The morning sunshine filtered into the room and lit up Nina’s bright yellow lehenga. Her waist long glossy black hair covered her back more graciously than the matching orange net dupatta. She sat in front of the mirror and lined her eyes with kohl. She then picked up the bright red lipstick and painted her lips.
“Nina, the barat is going to be here any time now. Please make it quick”. Her mother Mrs. Roy called from the other side of the closed door.
Mrs Roy like most mothers, was more worried about her daughter’s wedding than her daughter herself. Widowed when Nina was just six, Mrs. Roy had taken the responsibility of raising her little daughter entirely on her own. She used all her savings to get the two of them going through three years of acquiring an MBA in marketing. She worked hard to finish her degree with good grades, and at the end of three years got a job in a multinational corporation.
Life fell into place thereafter. Slowly she replenished the family savings and made a decent life for herself and her daughter.
While growing up, Nina shared a deep bonding with her mother, which was not exactly what you call a mother-daughter bond. It was more like the bonding with a bestie where you share your deepest secrets and craziest dreams.

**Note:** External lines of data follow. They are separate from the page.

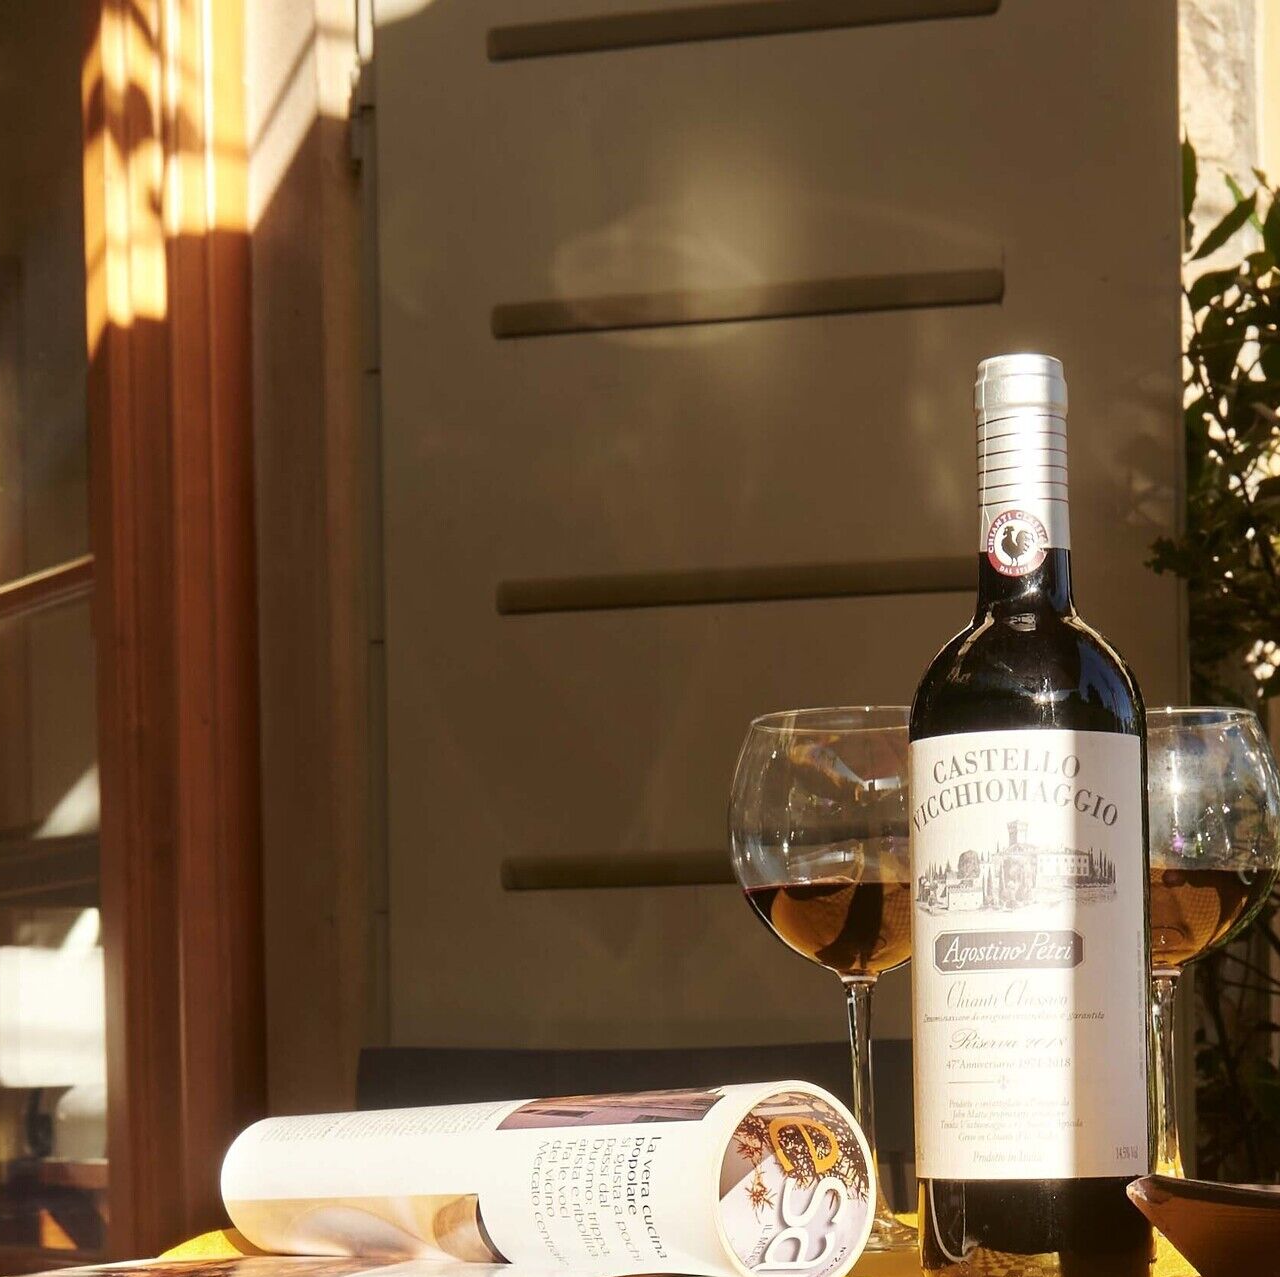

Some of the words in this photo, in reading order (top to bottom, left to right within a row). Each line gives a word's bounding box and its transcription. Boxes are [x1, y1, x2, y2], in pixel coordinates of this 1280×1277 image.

[988, 513, 1012, 553] CHIANTI
[999, 564, 1013, 574] DAL
[932, 747, 1081, 785] CASTELLO
[913, 778, 1119, 832] VICCHIOMAGGIO
[942, 935, 1024, 969] Agostino
[1025, 932, 1074, 962] Petri
[946, 979, 998, 1009] Chianti
[949, 1028, 1018, 1050] Riserva
[550, 1139, 562, 1164] del
[561, 1141, 577, 1161] Tra
[572, 1138, 589, 1181] arista
[598, 1138, 617, 1177] passi
[646, 1136, 662, 1154] La
[530, 1140, 551, 1207] Mercato
[559, 1165, 571, 1181] le
[570, 1185, 581, 1198] e
[612, 1152, 626, 1201] gusta
[626, 1136, 646, 1216] popolare
[640, 1158, 653, 1199] vera
[543, 1168, 556, 1218] vicino
[557, 1185, 571, 1219] voci
[599, 1181, 611, 1209] dal
[613, 1205, 623, 1216] a
[615, 1220, 645, 1264] pochi
[642, 1204, 668, 1259] cucina
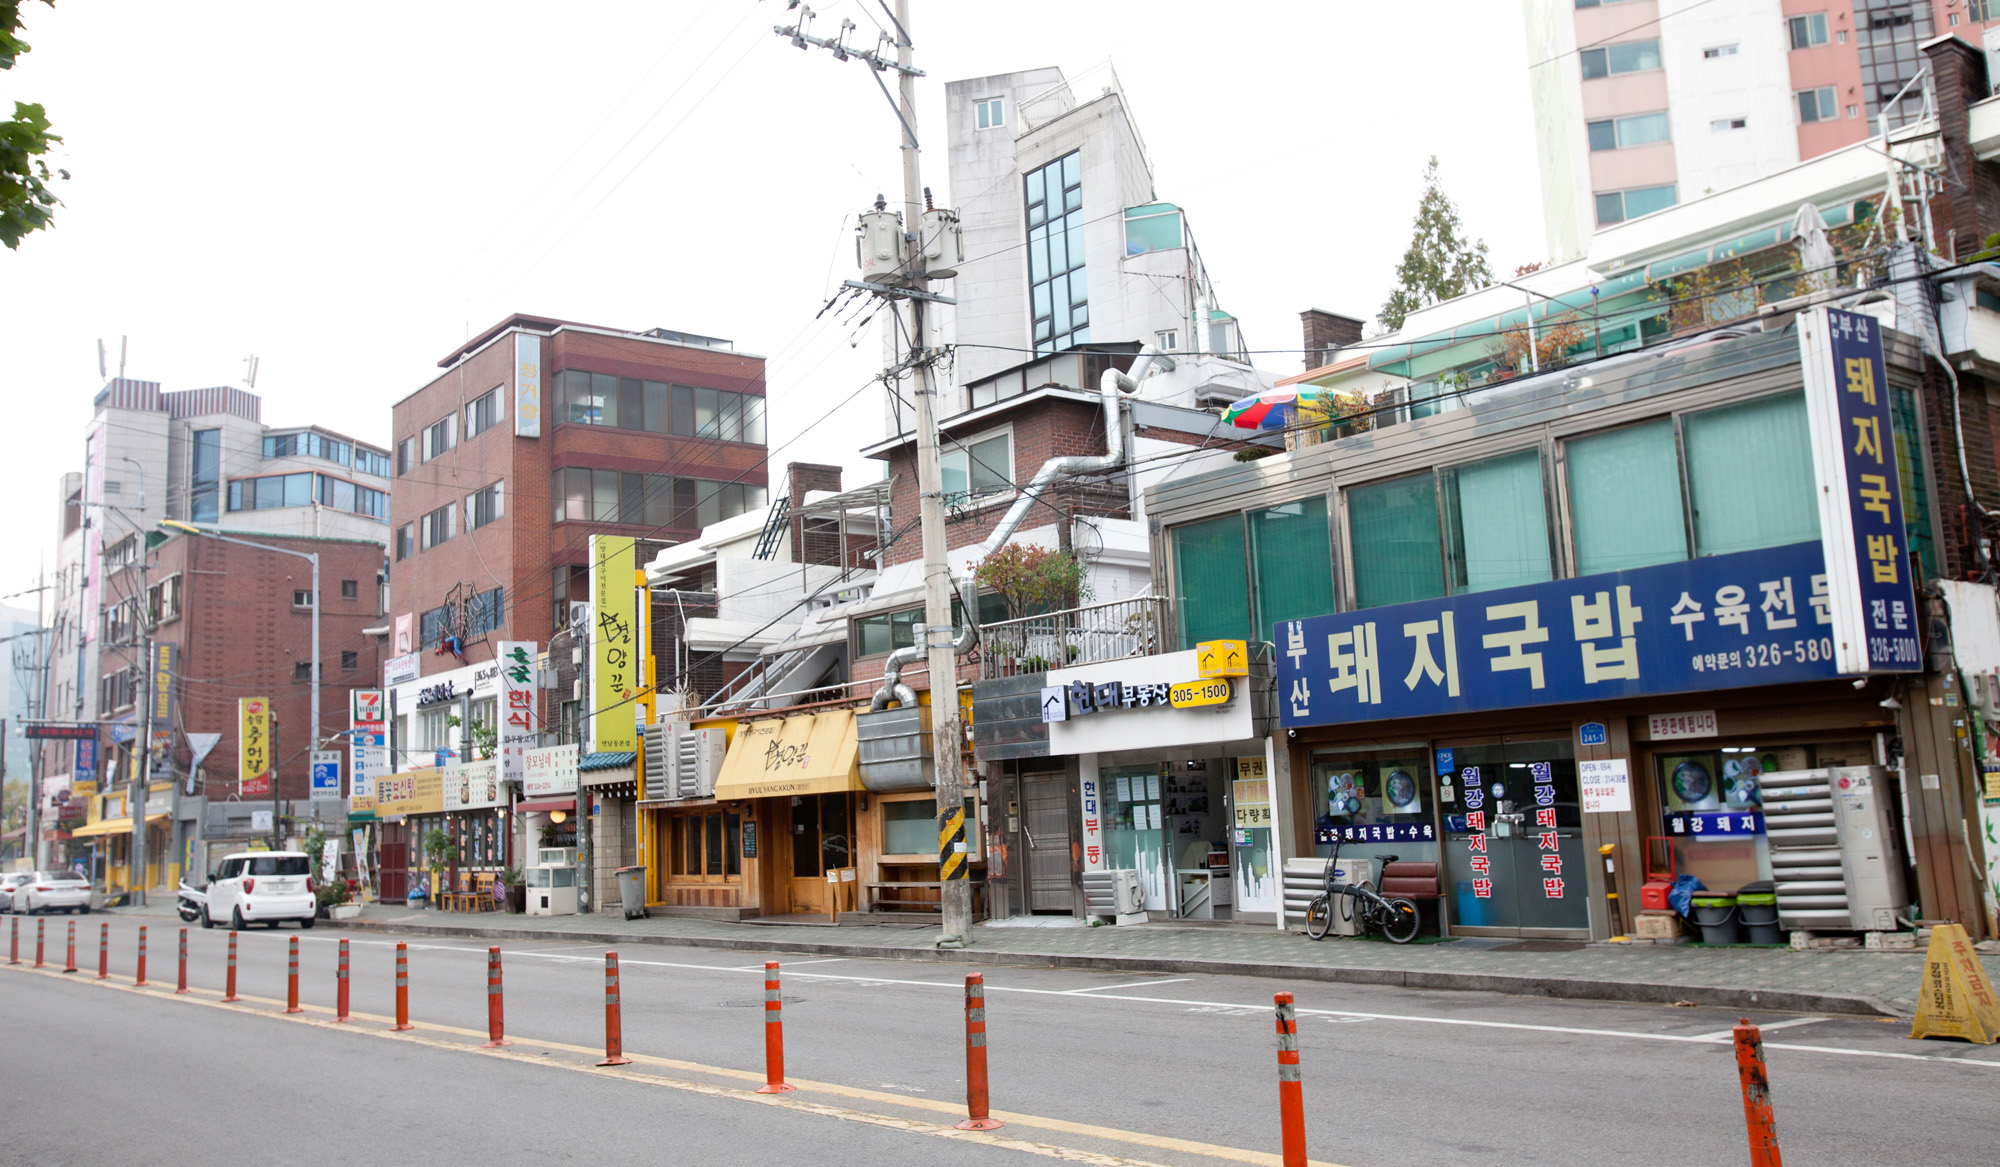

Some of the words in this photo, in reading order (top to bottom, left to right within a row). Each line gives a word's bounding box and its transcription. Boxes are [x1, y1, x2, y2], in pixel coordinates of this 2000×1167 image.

[1839, 314, 1869, 343] 부산
[521, 363, 539, 419] 정거장
[1845, 358, 1898, 584] 돼지국밥
[1670, 576, 1832, 641] 수육전문
[1871, 599, 1908, 631] 전문
[1328, 585, 1643, 705] 돼지국밥
[1871, 637, 1917, 663] 326-5800
[1286, 630, 1310, 717] 부산
[1692, 651, 1741, 672] 예약문의
[1173, 684, 1227, 702] 305-1500
[507, 690, 532, 731] 한식
[1652, 715, 1714, 735] 포장판매됩니다
[1584, 734, 1604, 742] 241-1
[1240, 761, 1268, 776] 무권
[1581, 763, 1596, 772] OPEN
[1952, 941, 1993, 1007] 주차금지

And today, on the day of her wedding, Mrs. Roy knew Nina’s fear.
Nina had a magenta coloured birthmark the size of a lemon, across her left cheek. All her life she had flaunted it like a cherished tattoo, proud and unabashed. But today she looked afraid. Most of the groom’s family was yet to see her. Until now she had only met her parents in law. What if the new family disapprove of her because of her birthmark?
The night before the wedding, Nina had placed her head on her mother’s lap and confided her fears. It was just like her high school days when someone cracked a joke about “that ugly scar” on her face. Her mother once again told her what she always did in such situations. She said, “The way you see yourself is the way the world sees you, eventually”.
And now here she was, in front of the mirror, wearing the most beautiful piece of jewelry her mother gave her, her confidence. The confidence to be herself. The confidence love herself. Isn’t it the best gift a parent can give to their child?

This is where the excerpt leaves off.